J. K. Rowling's publicity people apparently arranged for her to win a meaningless accolade in the British press—"greatest opening line of all time" for Harry Potter and the Philosopher's Stone. (EDIT: Rowling got fifth place, I should stress, so the Telegraph and all the other fawning press articles are simply stressing that she's "one of the greatest", not THE greatest.)
I read that book a month ago. I cannot remember its opening line. At all.
~Chara
I object most strenuously to that drivel of the TERF in Chief being the greatest opening line of all time, and submit for consideration by the vox populi:
“It was the best of times, it was the worst of times, it was the age of wisdom, it was the age of foolishness, it was the epoch of belief, it was the epoch of incredulity, it was the season of Light, it was the season of Darkness, it was the spring of hope, it was the winter of despair, we had everything before us, we had nothing before us, we were all going direct to Heaven, we were all going direct the other way – in short, the period was so far like the present period, that some of its noisiest authorities insisted on its being received, for good or for evil, in the superlative degree of comparison only.”
Charles Dickens - A Tale of Two Cities
Don't make me break out the Dostoyevsky, JK. Go have your publicist buy you another award you didn't earn.
ALSO
FUCKING
Gideon the Ninth has a fucking AMAZING first line
" In the myriadic year o our Lord – the ten thousandth year of the King Undying, the kindly Prince of Death! – Gideon Nav packed her sword, her shoes, and her dirty magazines, and she escaped from the House of the Ninth."
-"Gideon the Ninth" by Tamsyn Muir
that single line gives us a TON of info about the world and Gideon Nav. Like the original post said, I don't even REMEMBER what the first line of the winning book was. I don't know I'll EVER forget the first line to Gideon the Ninth
(I am not discrediting any of the AMAZING first lines in classic literature, I just wanted to use a more recent book)
But none of those hold to a candle to the famous line:
"I'm a wizard, so go fuck yourself!" said Harry Potter, to his fat uncle (he's fat so you know he's evil).
lmao god I wasn't that far off the mark
Mr. and Mrs.
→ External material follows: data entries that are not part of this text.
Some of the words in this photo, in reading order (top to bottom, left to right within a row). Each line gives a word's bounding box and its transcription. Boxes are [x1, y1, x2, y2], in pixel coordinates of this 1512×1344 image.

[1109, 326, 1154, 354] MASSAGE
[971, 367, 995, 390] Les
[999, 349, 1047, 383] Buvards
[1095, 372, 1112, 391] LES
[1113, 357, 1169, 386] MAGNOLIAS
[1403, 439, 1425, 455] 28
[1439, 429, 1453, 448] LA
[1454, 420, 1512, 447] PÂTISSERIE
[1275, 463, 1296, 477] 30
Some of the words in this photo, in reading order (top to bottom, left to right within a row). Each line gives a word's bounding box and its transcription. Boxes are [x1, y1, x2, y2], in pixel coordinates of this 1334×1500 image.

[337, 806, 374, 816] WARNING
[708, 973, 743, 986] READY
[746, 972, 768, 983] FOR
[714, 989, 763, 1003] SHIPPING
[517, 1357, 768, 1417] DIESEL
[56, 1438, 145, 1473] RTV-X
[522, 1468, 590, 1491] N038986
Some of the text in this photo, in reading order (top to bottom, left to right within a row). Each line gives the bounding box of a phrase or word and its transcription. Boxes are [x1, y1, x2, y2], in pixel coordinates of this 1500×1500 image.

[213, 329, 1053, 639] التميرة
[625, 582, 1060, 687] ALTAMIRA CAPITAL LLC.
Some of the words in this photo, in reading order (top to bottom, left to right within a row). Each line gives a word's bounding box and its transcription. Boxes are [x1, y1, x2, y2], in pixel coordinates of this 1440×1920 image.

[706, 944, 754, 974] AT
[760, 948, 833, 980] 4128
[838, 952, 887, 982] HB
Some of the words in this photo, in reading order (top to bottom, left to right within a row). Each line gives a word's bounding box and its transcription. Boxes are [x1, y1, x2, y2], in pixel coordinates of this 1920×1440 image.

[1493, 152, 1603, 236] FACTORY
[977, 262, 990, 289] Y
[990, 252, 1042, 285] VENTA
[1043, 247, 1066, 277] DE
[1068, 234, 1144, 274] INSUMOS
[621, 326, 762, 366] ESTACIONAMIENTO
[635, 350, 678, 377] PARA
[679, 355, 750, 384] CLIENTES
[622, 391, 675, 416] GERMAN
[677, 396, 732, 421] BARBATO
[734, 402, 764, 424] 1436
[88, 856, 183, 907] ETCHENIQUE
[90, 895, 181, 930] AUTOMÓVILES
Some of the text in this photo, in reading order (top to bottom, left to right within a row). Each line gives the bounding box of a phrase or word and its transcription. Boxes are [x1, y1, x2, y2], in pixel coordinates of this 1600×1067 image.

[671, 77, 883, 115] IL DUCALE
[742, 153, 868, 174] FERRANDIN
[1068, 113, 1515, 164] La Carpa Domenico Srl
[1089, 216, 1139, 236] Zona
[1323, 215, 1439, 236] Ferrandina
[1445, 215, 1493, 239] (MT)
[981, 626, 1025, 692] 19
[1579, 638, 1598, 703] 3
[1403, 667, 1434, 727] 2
Dursley, of number four Privet Drive, were proud to say that they were perfectly normal, thank you very much.
I'm just gonna take this opportunity to list off a few incredible opening lines that are way better than anything JKR has ever written.
All this happened, more or less.
Kurt Vonnegut Jr., Slaughterhouse Five
One morning, when Gregor Samsa woke from troubled dreams, he found himself transformed in his bed into a horrible vermin
Franz Kafka, The Metamorphosis, Trans. David Wyllie
No live organism can continue for long to exist sanely under conditions of absolute reality; even larks and katydids are supposed, by some, to dream.
Shirley Jackson, The Haunting of Hill House
This is not for you.
Mark Z. Danielewski, House of Leaves
O so vast, O so mighty, The Great River rolls to sea,
Flowers do waves thrash, Heroes do sands smash,
When all the dreams drain, Same are loss and gain.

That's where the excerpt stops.